_SUPPLIED INFORMATION:_
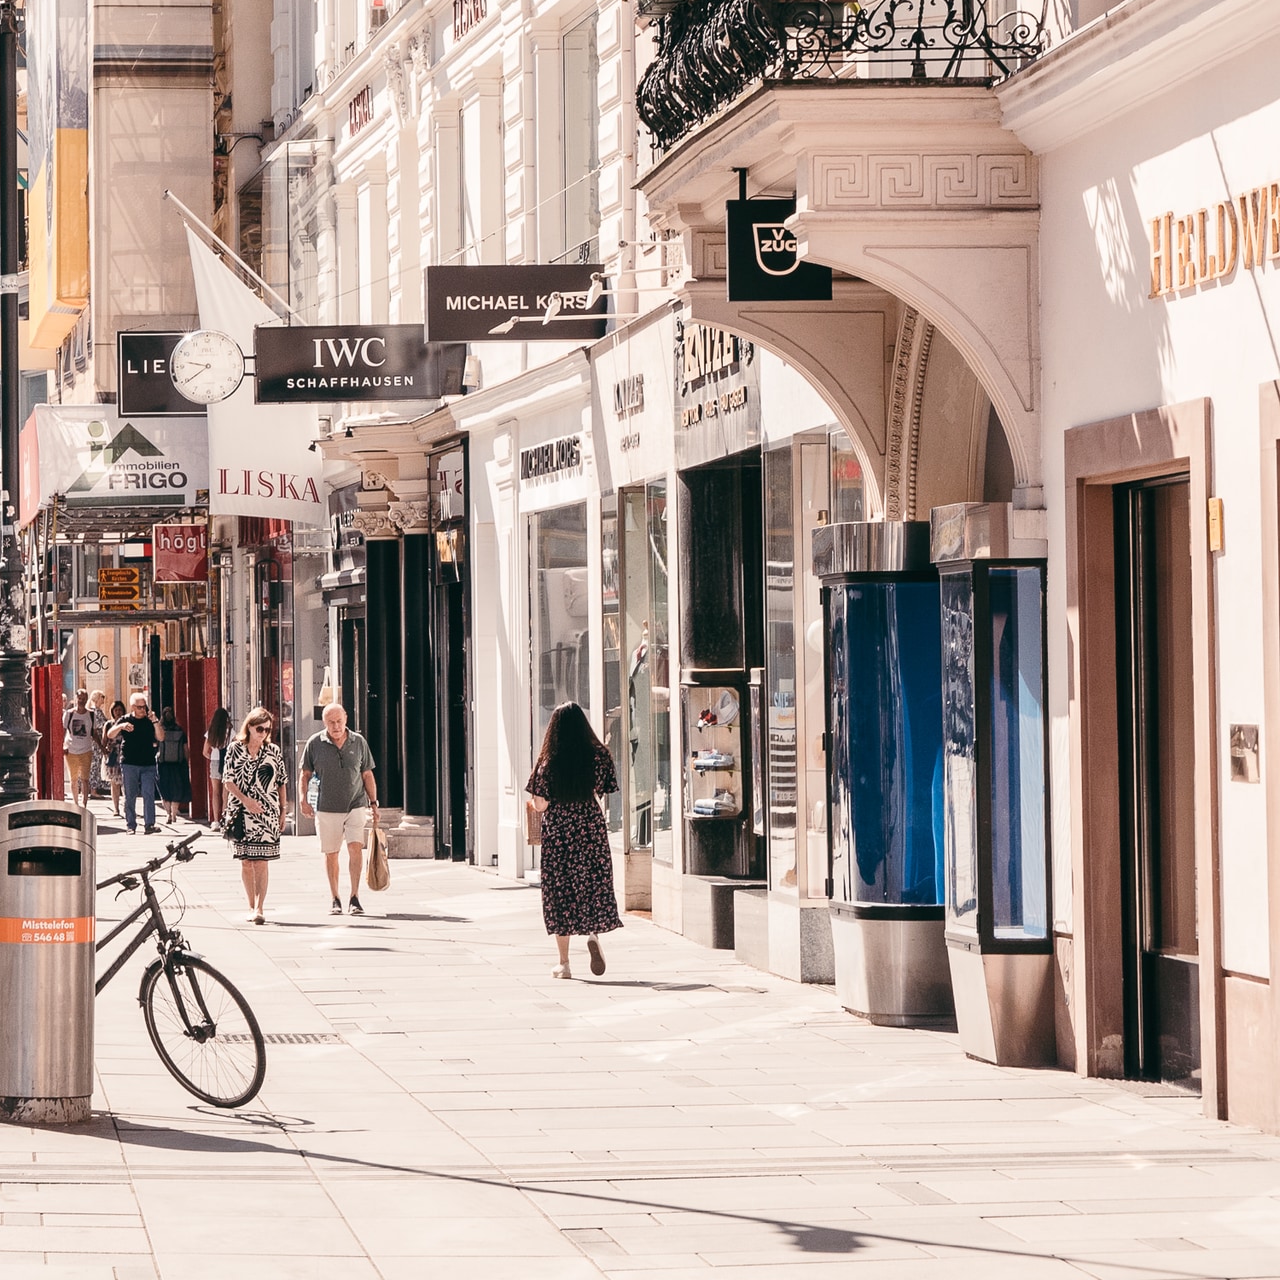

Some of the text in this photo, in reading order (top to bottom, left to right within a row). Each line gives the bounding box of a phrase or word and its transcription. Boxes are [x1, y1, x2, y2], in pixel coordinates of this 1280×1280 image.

[772, 229, 785, 241] V
[761, 240, 797, 252] ZUG
[446, 294, 529, 310] MICHAEL
[312, 337, 386, 368] IWC
[127, 359, 166, 374] LIE
[287, 376, 414, 389] SCHAFFHAUSEN
[109, 472, 188, 489] FRIGO
[217, 468, 322, 504] LISKA
[22, 919, 75, 930] Misttelefon
[33, 933, 65, 942] 546 48

_WORK ITEM:_ With the pictures omitted, give every line above again exactly.

_RESPONSE:_
Some of the text in this photo, in reading order (top to bottom, left to right within a row). Each line gives the bounding box of a phrase or word and its transcription. Boxes are [x1, y1, x2, y2], in pixel coordinates of this 1280×1280 image.

[772, 229, 785, 241] V
[761, 240, 797, 252] ZUG
[446, 294, 529, 310] MICHAEL
[312, 337, 386, 368] IWC
[127, 359, 166, 374] LIE
[287, 376, 414, 389] SCHAFFHAUSEN
[109, 472, 188, 489] FRIGO
[217, 468, 322, 504] LISKA
[22, 919, 75, 930] Misttelefon
[33, 933, 65, 942] 546 48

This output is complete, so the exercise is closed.